You might say that a Sebring shirt isn't political, but it is. It promotes a particular lifestyle, one that many people feel is climate-ignorant and toxic-masculine and resource-intensive and unnecessarily dangerous. By wearing a shirt with Sebring on the back, my son is unknowingly endorsing a activity where I spend the average annual wage of a Pakistani family to burn a hundred gallons of CO2 and consume more resources every hour than an indigenous tribesman in Papua New Guinea would consume in a lifetime. If he winds up being a climate scientist or a Greenpeace volunteer, he'll look back on that shirt with distaste. I made him wear something that didn't match his beliefs.
For that matter, who am I to put him in a two-stroke go-kart? Who am I to have him do anything at all? And who am I to write about him, to quote him in stories, to post his photo in articles? It's worth noting that some countries are permitting children to sue their parents for using their images in social media without consent. I think there's some logical basis to that. When I was younger, I did not care one bit for having my mother discuss me with her friends. I didn't like the photos of me she had up in the house. Thank G-d there was no Facebook at that time, is all I can say.
Now, it's possible that my son will grow up to completely approve of everything I've written and done. But that's a long shot. The best I can hope for is amused tolerance on his part. At worst, I'll be Lewis Hamilton's dad, sacrificing my life to advance my son to superstardom then catching a cold shoulder the moment my services are no longer required. But I think there's a reasonable possibility that John won't like what I've written about him at all. He will want to be free to craft his own image, his own identity, without having to compete against the son I've created in my writing.
This is what I can console myself with: many writers have done far more, and far worse, to their kids. Look at what Robert Pirsig did to his son in Zen, for example. He abused Chris in real life then humiliated him in the text. And when Chris was killed fifteen years later right in front of the San Francisco Zen Center, Pirsig had the nerve to treat it as a reasonable closure to a storyline instead of as an eminently preventable death. I hope that posterity will have a more favorable opinion of my actions.
As fate would have it, my son has about three shirts he likes to wear, and he wears them all the time. They're all junk from Wal-Mart that his mother bought. Completely generic stuff. If I had my choice I'd cut them up and use them for shop rags. But I don't have that choice. I'm not going to dress John like a mini-me by force. Any time I bring a shirt home, John will wear it once or twice to make the old man happy, then he'll consign it to the bottom drawer and put his generic Wal-Mart football shirts back on. I'm mostly okay with this. He should wear what he wants.

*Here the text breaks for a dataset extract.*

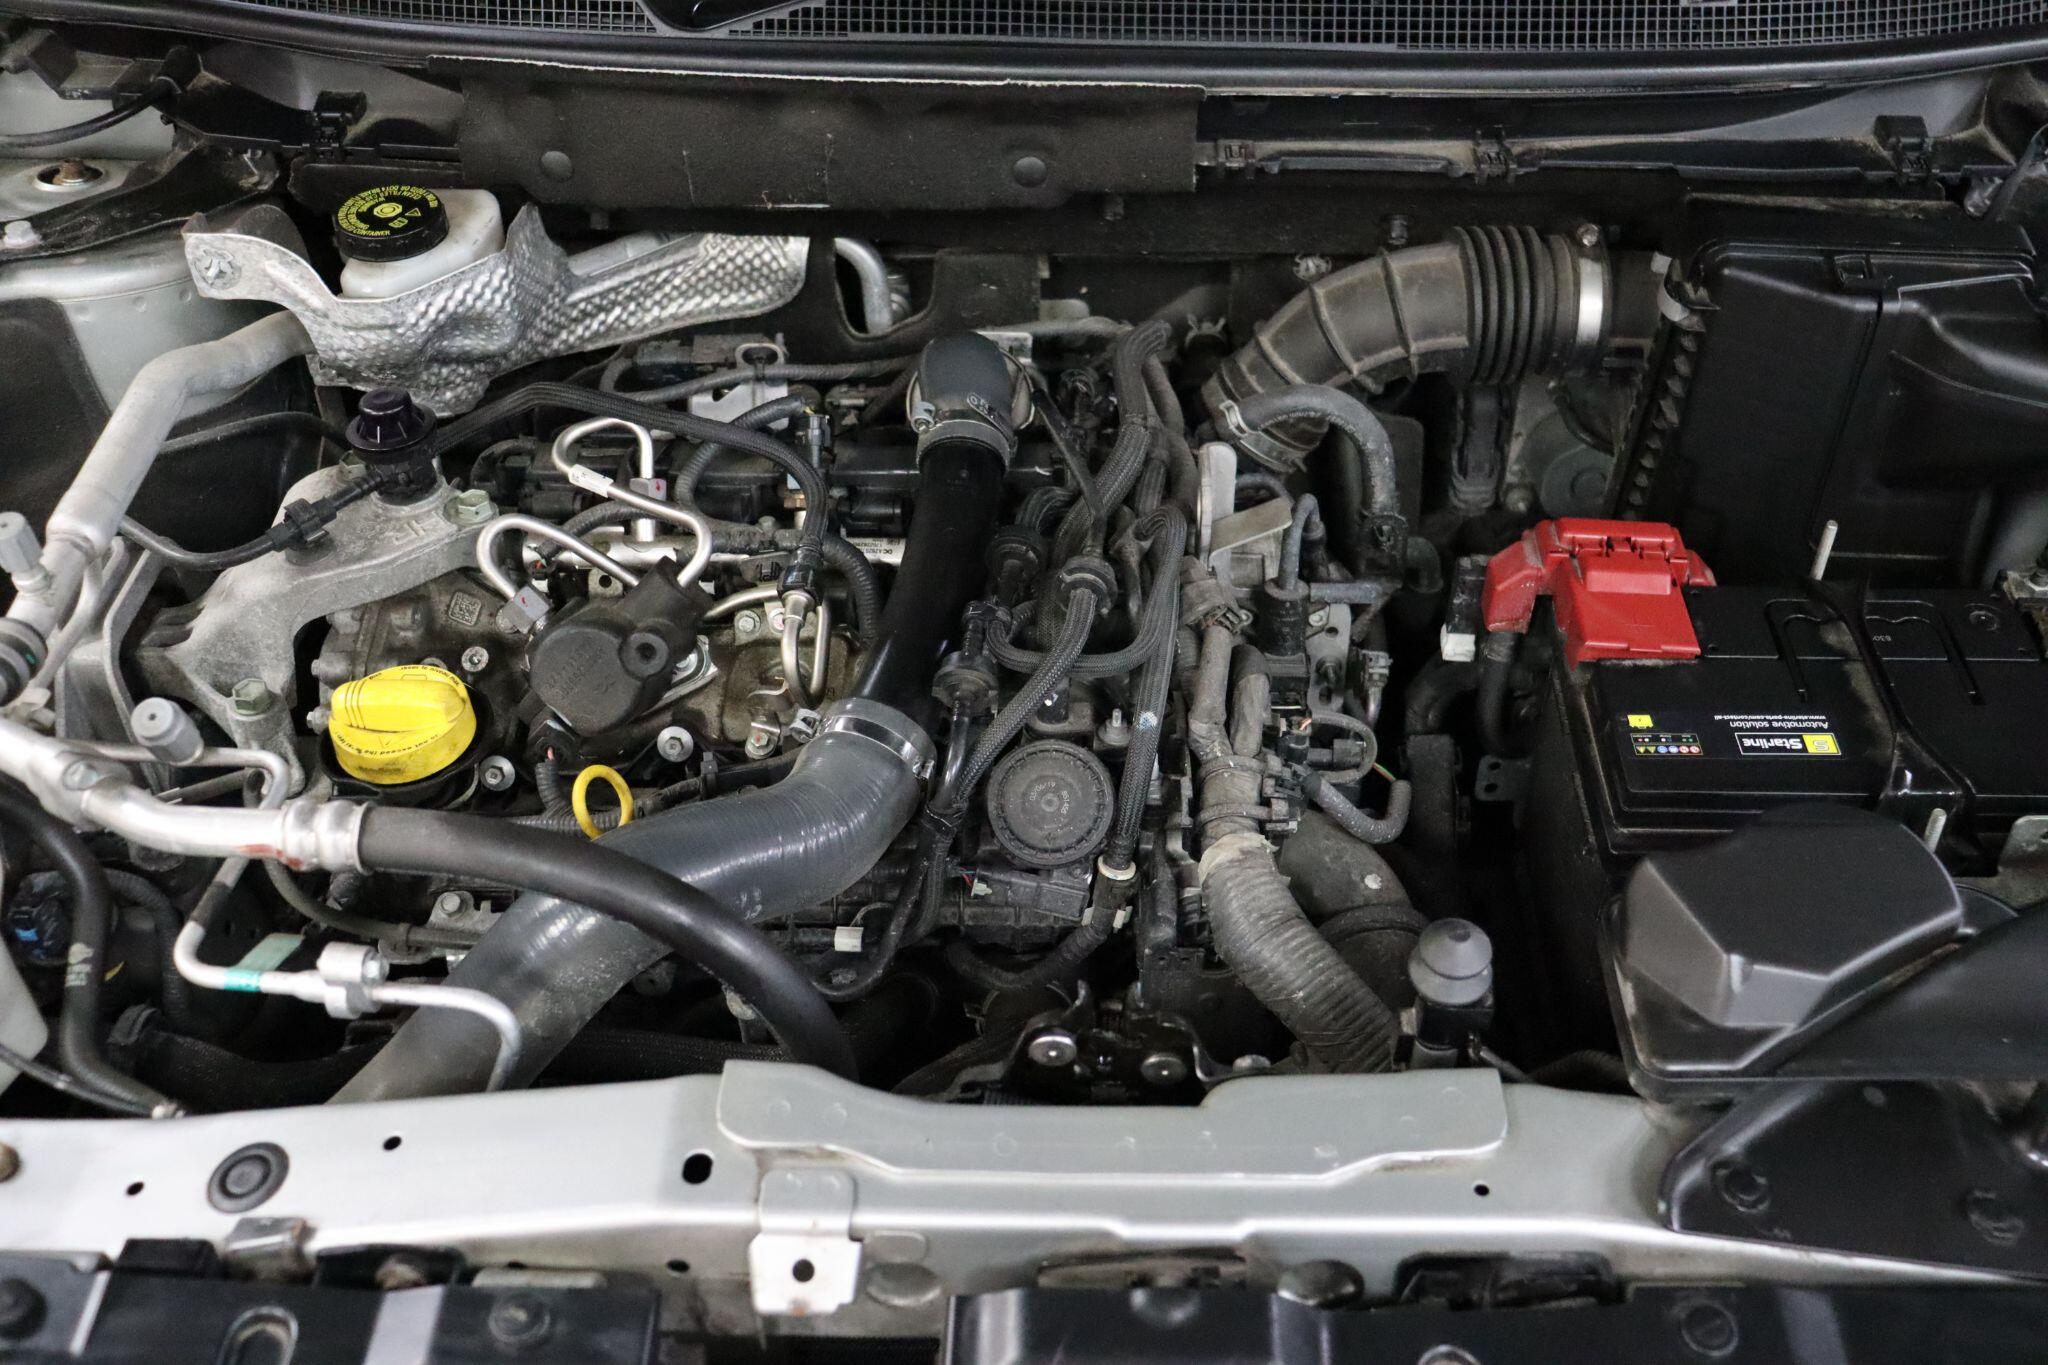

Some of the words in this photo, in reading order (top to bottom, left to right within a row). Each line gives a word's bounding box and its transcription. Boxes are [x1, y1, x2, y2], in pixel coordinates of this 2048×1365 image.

[1729, 721, 1770, 729] solution
[1772, 721, 1829, 729] Automotive
[1742, 738, 1803, 751] Starline

Which brings me back to the subject of the "Cat and Jack" shirts at Target. I took a look at them. They were supposedly designed with the input of kids, and I believe it. They're very similar to the things that my son picks out naturally at stores. Dinosaur heads, crocodiles, generic line drawings of cars. The stuff that interests children. I'm all in favor of that. Children should have the choice to wear whatever they want. Even if it's a shirt that says "Strong Like Mom". But to put the shirt in front of him and suggest that he wear it... well, that's like moving the Ouija lens on purpose, isn't it? Hey, strong moms, leave them kids alone!